• ASSIGNMENT:
Pictures are to be left out, and every entry repeated exactly.

────────────────────────────────────────

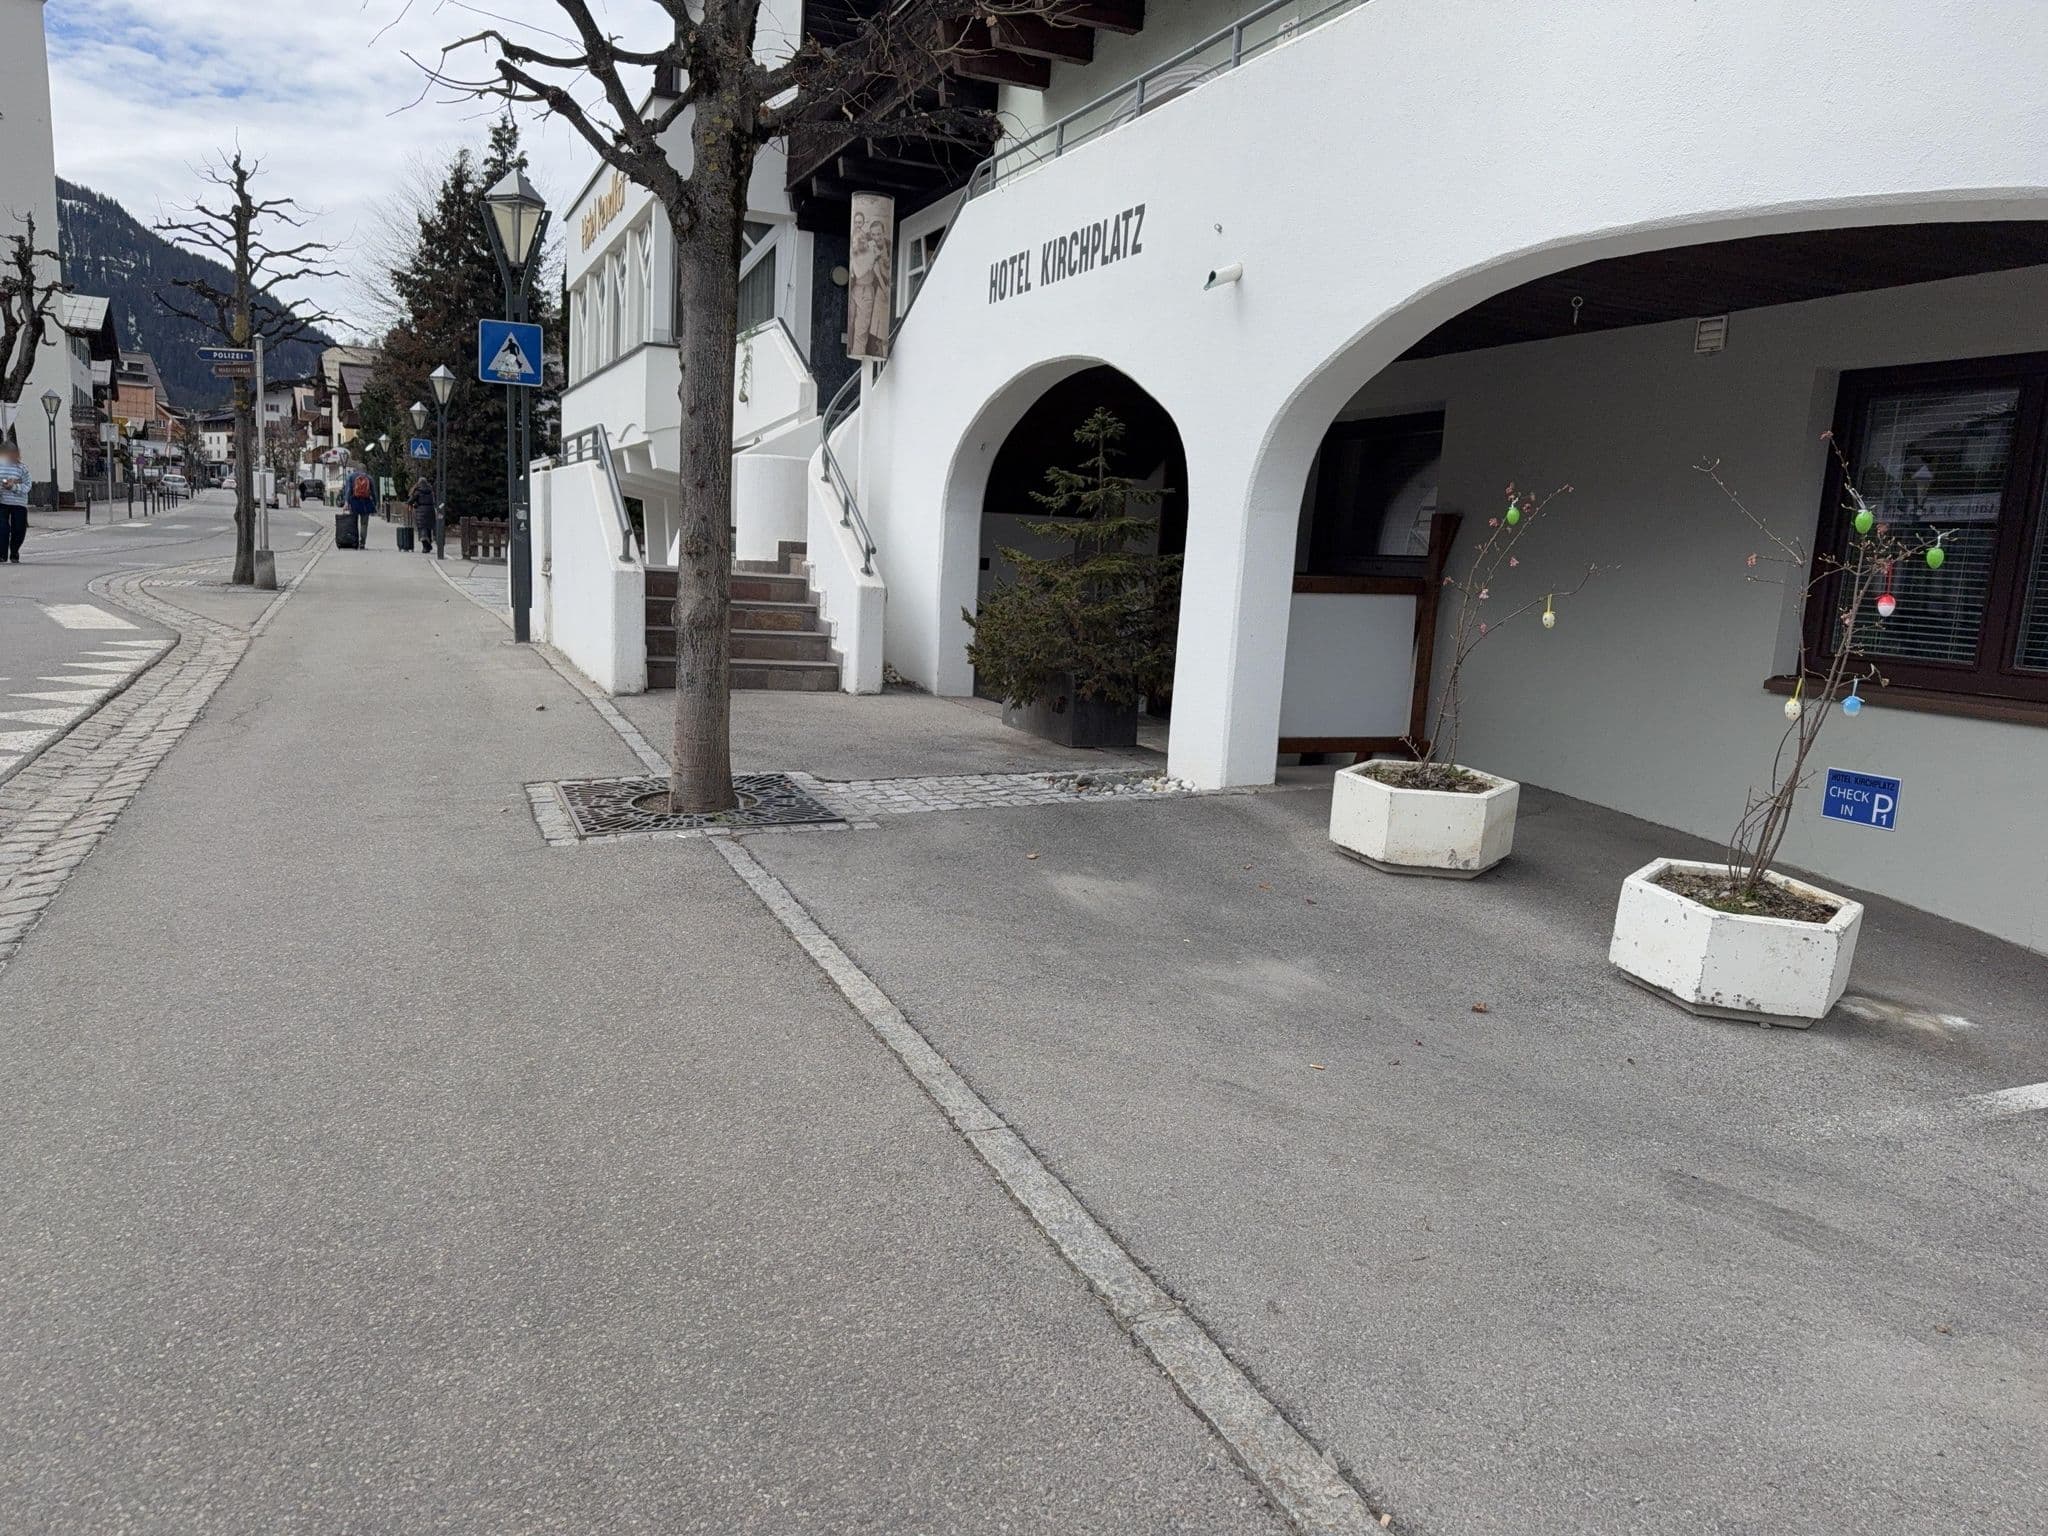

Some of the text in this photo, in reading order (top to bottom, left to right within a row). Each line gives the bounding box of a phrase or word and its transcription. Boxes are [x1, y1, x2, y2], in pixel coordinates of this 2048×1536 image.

[988, 203, 1146, 305] HOTEL KIRCHPLATZ
[213, 351, 243, 360] POLIZEI
[1829, 785, 1870, 803] CHECK
[1840, 803, 1853, 817] IN

────────────────────────────────────────

• TASK SOLUTION:
Some of the text in this photo, in reading order (top to bottom, left to right within a row). Each line gives the bounding box of a phrase or word and its transcription. Boxes are [x1, y1, x2, y2], in pixel coordinates of this 2048×1536 image.

[988, 203, 1146, 305] HOTEL KIRCHPLATZ
[213, 351, 243, 360] POLIZEI
[1829, 785, 1870, 803] CHECK
[1840, 803, 1853, 817] IN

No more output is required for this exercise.